(Records drawn from a dataset)
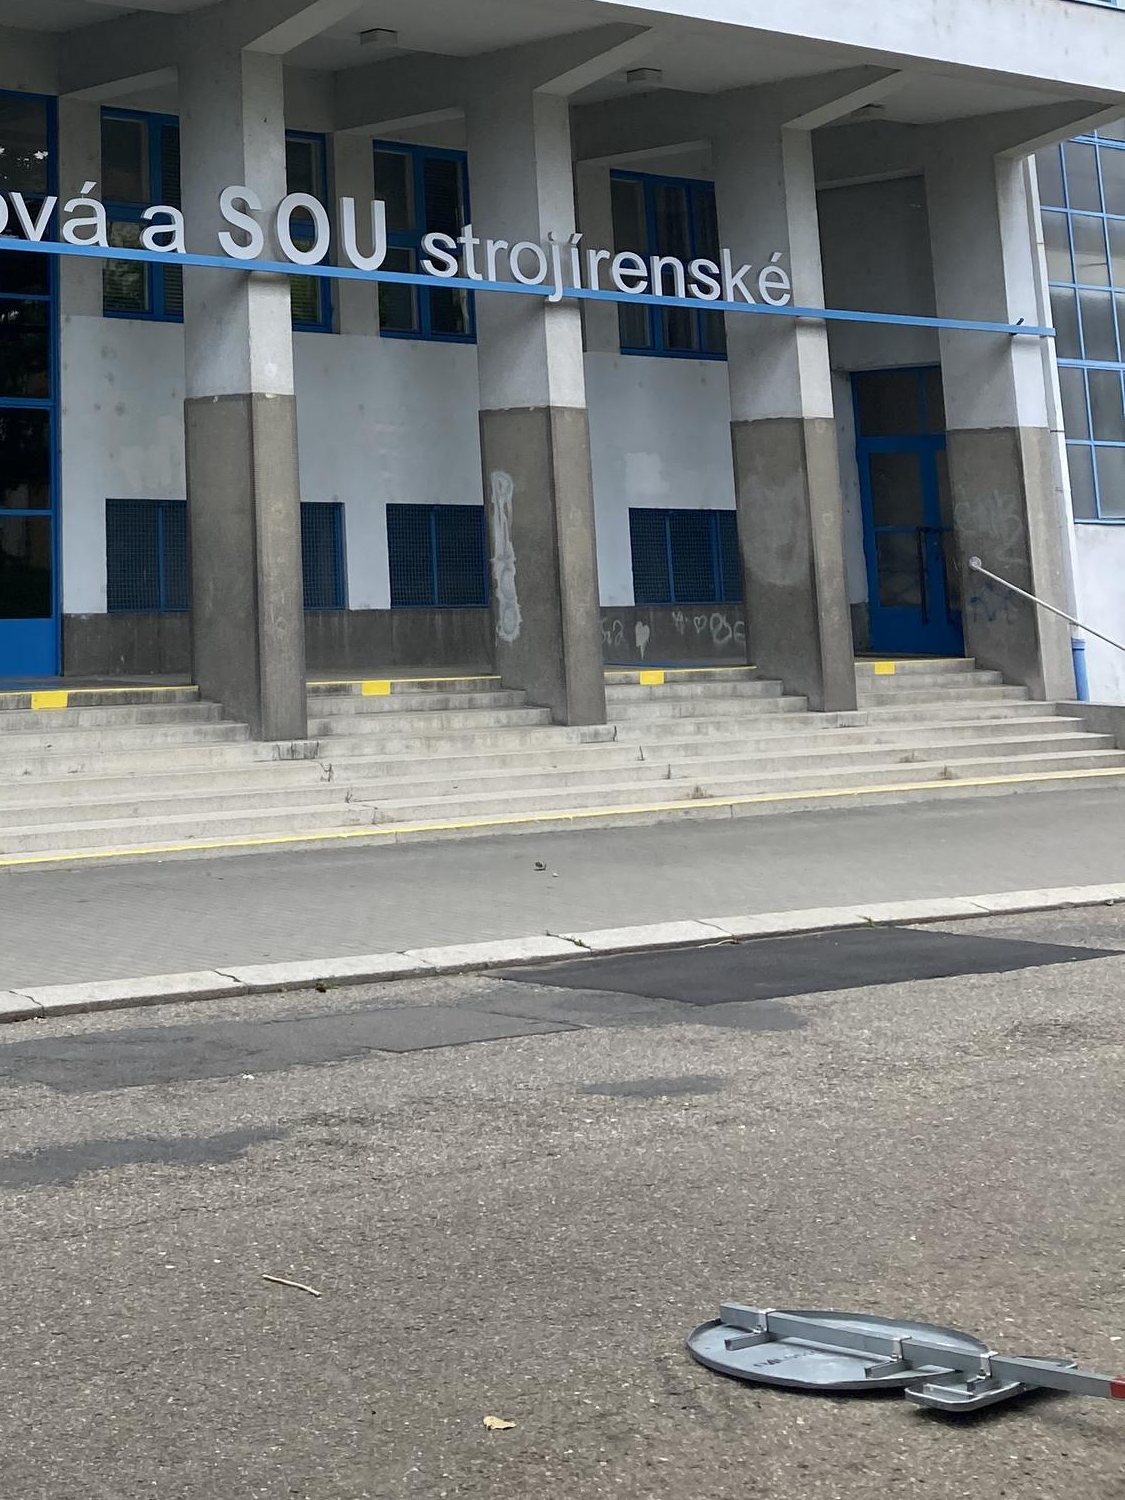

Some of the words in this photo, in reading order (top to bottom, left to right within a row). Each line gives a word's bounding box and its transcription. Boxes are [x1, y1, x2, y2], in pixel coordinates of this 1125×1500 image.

[140, 203, 186, 255] a
[218, 185, 387, 272] SOU
[420, 223, 793, 307] strojírenské
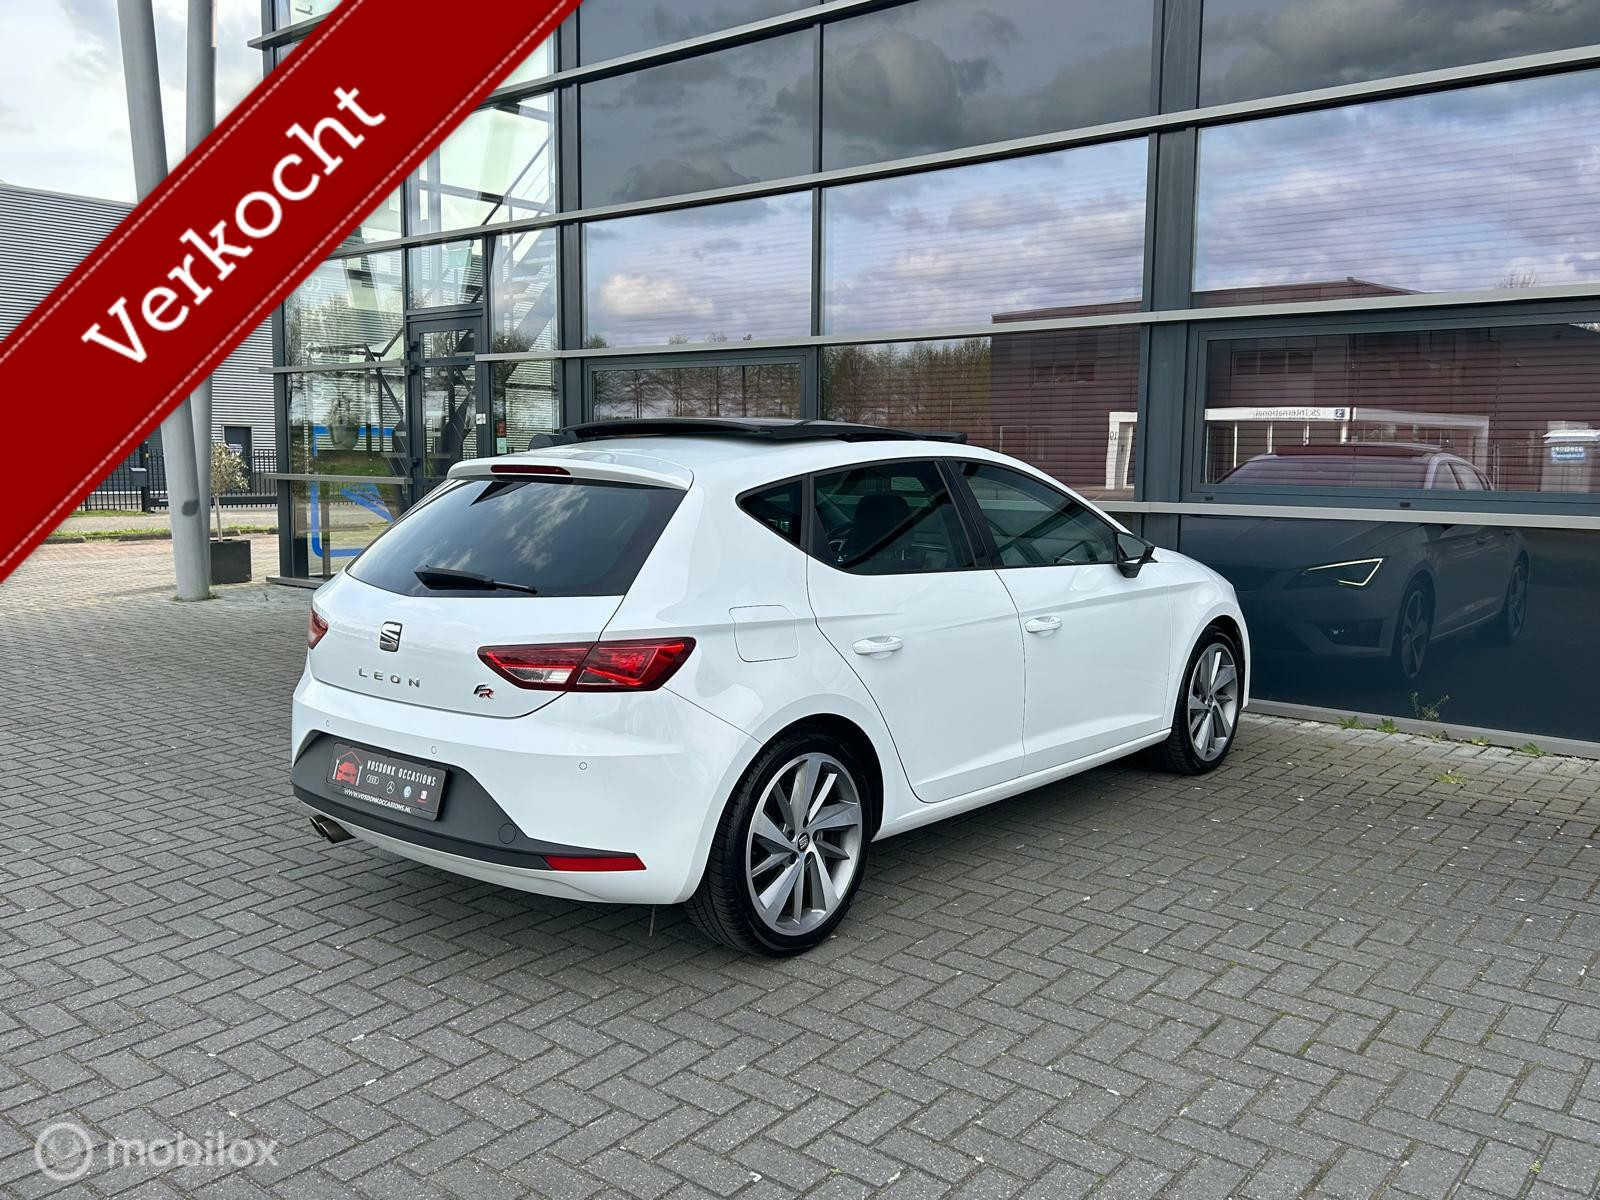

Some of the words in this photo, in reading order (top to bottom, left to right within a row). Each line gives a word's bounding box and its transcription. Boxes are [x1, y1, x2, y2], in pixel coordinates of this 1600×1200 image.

■ EXERCISE DESCRIPTION ■
Copy out the records exactly; the pictures stay behind.

■ TASK RESULT ■
Some of the words in this photo, in reading order (top to bottom, left to right within a row). Each line gives a word's bounding box and its transcription. Boxes are [x1, y1, x2, y2], in pixel coordinates of this 1125×1500 image.

[140, 203, 186, 255] a
[218, 185, 387, 272] SOU
[420, 223, 793, 307] strojírenské

Some of the words in this photo, in reading order (top to bottom, left to right within a row). Each line gives a word's bounding box and its transcription. Boxes are [x1, y1, x2, y2], in pixel coordinates of this 1600×1200 image.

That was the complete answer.